Updating from 13.0-RELEASE to 13.3-RELEASE refuses to use new kernel

Howdy,

I am slowing updating a FreeBSD-10 laptop to the latest FreeBSD-13.3 version. However, when I try to upgrade, the kernel is seemingly “stuck” with 13.0-RELEASE-p13, while the user land is successfully upgraded to 13.3.

First things first:
freebsd-version -kru produces:
13.0-RELEASE-p13
13.0-RELEASE-p13
13.0-RELEASE-p13

When running freebsd-update upgrade -r 13.3-RELEASE, it identifies kernel/generic src/src world/base and world/lib32.
It then fetches the metadata for 13.3-RELEASE, and I have to make some modifications to /etc/passwd, group, etc.

A few other changes are confirmed as reasonable between 13.0-RELEASE and 13.3-RELEASE.

“No changes have been downloaded, however, because the files have been modified locally” for /.cshrc and /var/db/etcupdate/log.

Some files will be removed as part of upgrading to 13.3-RELEASE-p2, like /usr/include/c++/v1/tr.

Some will be added to /var/db/etcupdate/current/etc/rc.d/.

Finally, some will be updated, with many in /boot/, including /boot/kernel/kernel, some .ko files, /boot/loader, etc. Lots more but I won’t list them: they look like a normal upgrade.

Now, I run freebsd-update install and get the standard “Kernel updates have been installed. Reboot and run freebsd-update install” again.

I’m greeted with a log of “.ko: depends on kernel - not available or version mismatch”. freebsd-version -kru now prints:
13.3-RELEASE-p1
13.0-RELEASE-p13
13.0-RELEASE-p13

Running freebsd-update install again, all is fine. Finally, I reboot and run freebsd-version -kru:
13.3-RELEASE-p1
13.0-RELEASE-p13
13.3-RELEASE-p2

Using freebsd-update install states no updates and available, and if I fetch and then install again, it will just reinstall 13.0-release-p13 for the user space and installed kernel.

Running strings /boot/kernel/kernel | grep 13.3 indicates the file is 13.3-RELEASE-p1.

Using nextboot -k kernel doesn’t boot into the 13.3 kernel either.


So my question is finally: how can I figure out why the system is booting into the old kernel?

Apologies for a bit of shorthand, I’m writing this on a phone. Thanks in advance!
 
You don’t mention what drives you’ve got in your system and if UFS or ZFS.

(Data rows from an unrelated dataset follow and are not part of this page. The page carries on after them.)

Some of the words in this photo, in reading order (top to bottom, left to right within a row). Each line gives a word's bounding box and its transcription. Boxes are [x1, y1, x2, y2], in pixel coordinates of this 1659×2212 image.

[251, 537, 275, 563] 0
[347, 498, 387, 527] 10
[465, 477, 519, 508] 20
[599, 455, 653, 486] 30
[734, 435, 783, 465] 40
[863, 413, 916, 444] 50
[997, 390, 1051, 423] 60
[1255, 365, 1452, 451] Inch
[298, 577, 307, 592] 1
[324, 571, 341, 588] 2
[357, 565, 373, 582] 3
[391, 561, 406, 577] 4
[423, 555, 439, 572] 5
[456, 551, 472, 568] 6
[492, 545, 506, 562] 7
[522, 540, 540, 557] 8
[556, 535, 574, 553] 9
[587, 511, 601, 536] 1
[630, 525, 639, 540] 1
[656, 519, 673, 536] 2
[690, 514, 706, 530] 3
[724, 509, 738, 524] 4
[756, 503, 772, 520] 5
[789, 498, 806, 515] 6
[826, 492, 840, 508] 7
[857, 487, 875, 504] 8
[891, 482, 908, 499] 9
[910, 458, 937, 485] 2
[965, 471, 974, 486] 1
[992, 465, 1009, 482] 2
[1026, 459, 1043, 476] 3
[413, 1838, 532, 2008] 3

I‘ve got a system (UFS) that boots from a geli-encrypted drive (I cannot remember all the details) but it means that when I run freebsd-update it updates where it thinks the kernel lives, but that’s not actually the booted kernel. So after each kernel update I have to copy the new binaries to the appropriate place and reboot again.

If just a laptop setup in your case then probably nothing exotic going on.

Think there’s a sysctl that tells you the location of the booted kernel.